Is Now the Worst (or Best) Time to Buy Real Estate?

August 18, 2025 by pfb


Everywhere you look, the headlines are saying the same thing: interest rates are up, borrowing costs are high, and maybe now isn’t the time to buy real estate. For physicians and other busy professionals who already feel stretched by student loans, unpredictable schedules, and rising living costs, that message can be discouraging enough to hit the brakes on investing altogether.

But is that really the smartest move? Or could this actually be one of the best opportunities to invest in real estate we’ve seen in years?

The answer isn’t as simple as “rates are high, so don’t buy.” The truth is more nuanced, and if you’re willing to think long-term, there are compelling reasons why real estate still belongs in your wealth-building strategy.
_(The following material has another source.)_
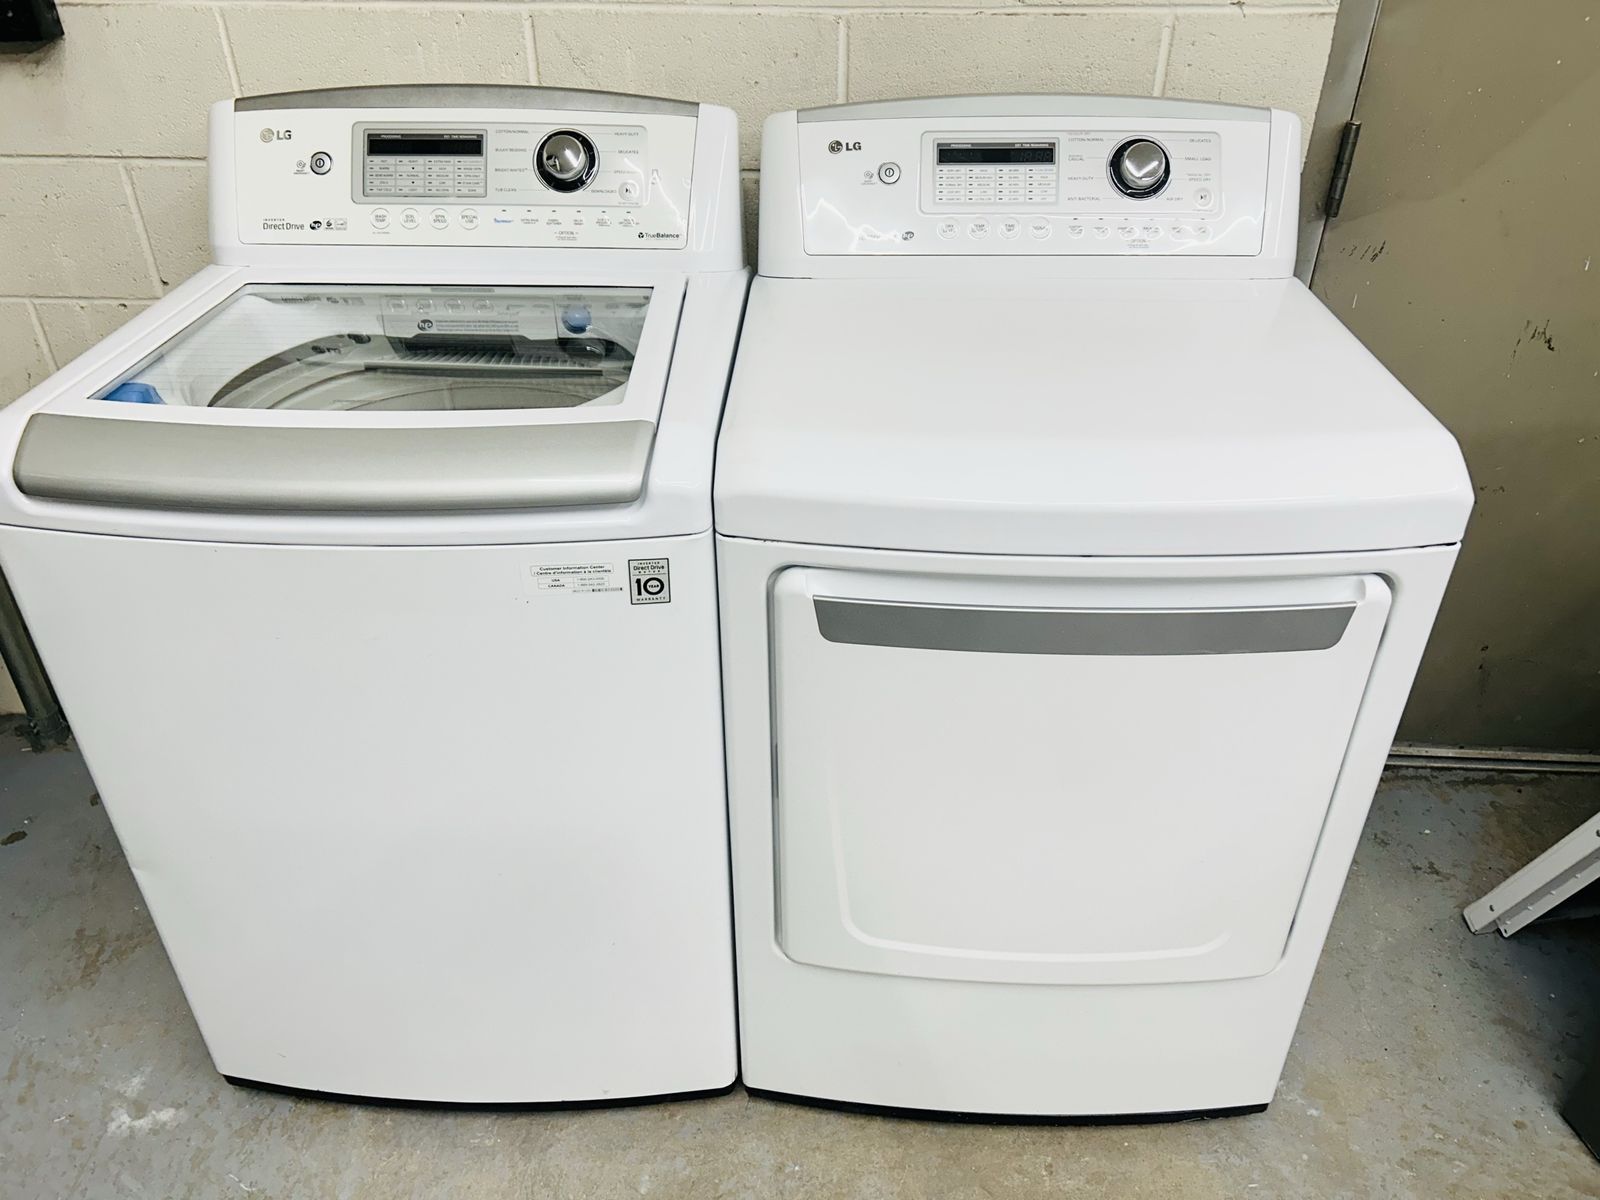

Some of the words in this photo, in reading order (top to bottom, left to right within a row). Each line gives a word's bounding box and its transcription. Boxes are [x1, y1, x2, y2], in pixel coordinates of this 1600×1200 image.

Disclaimer: This article is for informational and educational purposes only and does not constitute financial, legal, or investment advice. Any investment involves risk, and you should consult your financial advisor, attorney, or CPA before making any investment decisions. Past performance is not indicative of future results. The author and associated entities disclaim any liability for loss incurred as a result of the use of this material or its content.

Putting Today’s Rates in Perspective

First, let’s acknowledge the elephant in the room: yes, mortgage rates are higher than they were just a couple of years ago. During the COVID years, we saw rates dip into the 2–3% range. That was historically unprecedented.

We got spoiled.

Those rates weren’t meant to last forever. They were the result of heavy intervention by the Federal Reserve, and they created a sense that cheap money was the new normal. But if you zoom out and look at the bigger picture, today’s environment doesn’t look so bad.
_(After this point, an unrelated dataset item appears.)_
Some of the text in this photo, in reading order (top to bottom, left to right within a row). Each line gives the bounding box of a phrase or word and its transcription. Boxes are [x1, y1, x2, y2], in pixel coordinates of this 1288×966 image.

Veteran loan officer Dan Peck with Movement Mortgage, who has worked on thousands of real estate loans over the last 25 years, put it this way:

“If you go back into the mid-2000s, rates were in the 6% to 7% range, which is where they’re currently at right now, and things were humming along.”

In other words, today’s rates may feel painful compared to yesterday’s bargains, but they’re not historically unusual.

Why Real Estate Still Makes Sense

So why are savvy investors still buying property even in a high-rate environment? Because real estate isn’t just about the interest rate. It’s about the bigger financial picture.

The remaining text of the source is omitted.